Source information =>
▼▼▼

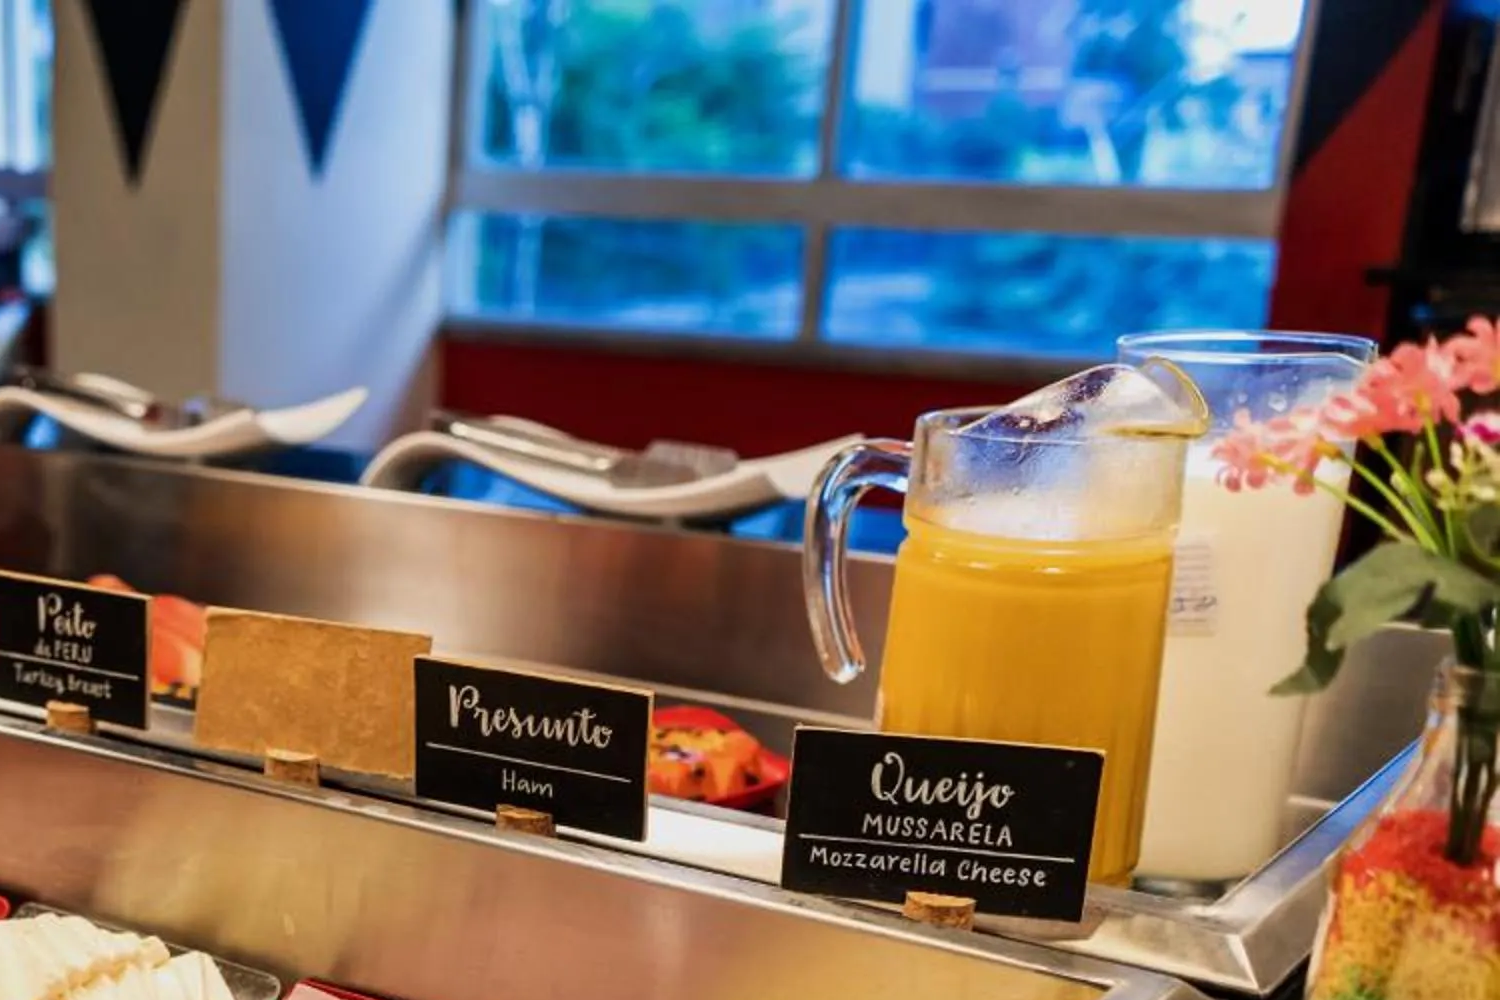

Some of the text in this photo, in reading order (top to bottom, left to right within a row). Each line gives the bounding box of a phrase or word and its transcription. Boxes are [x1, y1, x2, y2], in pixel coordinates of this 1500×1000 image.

[38, 593, 97, 638] Peito
[13, 662, 64, 695] Turkey
[449, 684, 613, 749] Presunto
[501, 767, 554, 797] Ham
[870, 751, 1016, 820] Queijo
[861, 812, 1014, 847] MUSSARELA
[809, 845, 1049, 888] Mozzarella Cheese

▲▲▲

About this task =>
Please transcribe every record above exactly as written, leaving out the pictures.

Answer to this problem =>
Some of the text in this photo, in reading order (top to bottom, left to right within a row). Each line gives the bounding box of a phrase or word and its transcription. Boxes are [x1, y1, x2, y2], in pixel coordinates of this 1500×1000 image.

[38, 593, 97, 638] Peito
[13, 662, 64, 695] Turkey
[449, 684, 613, 749] Presunto
[501, 767, 554, 797] Ham
[870, 751, 1016, 820] Queijo
[861, 812, 1014, 847] MUSSARELA
[809, 845, 1049, 888] Mozzarella Cheese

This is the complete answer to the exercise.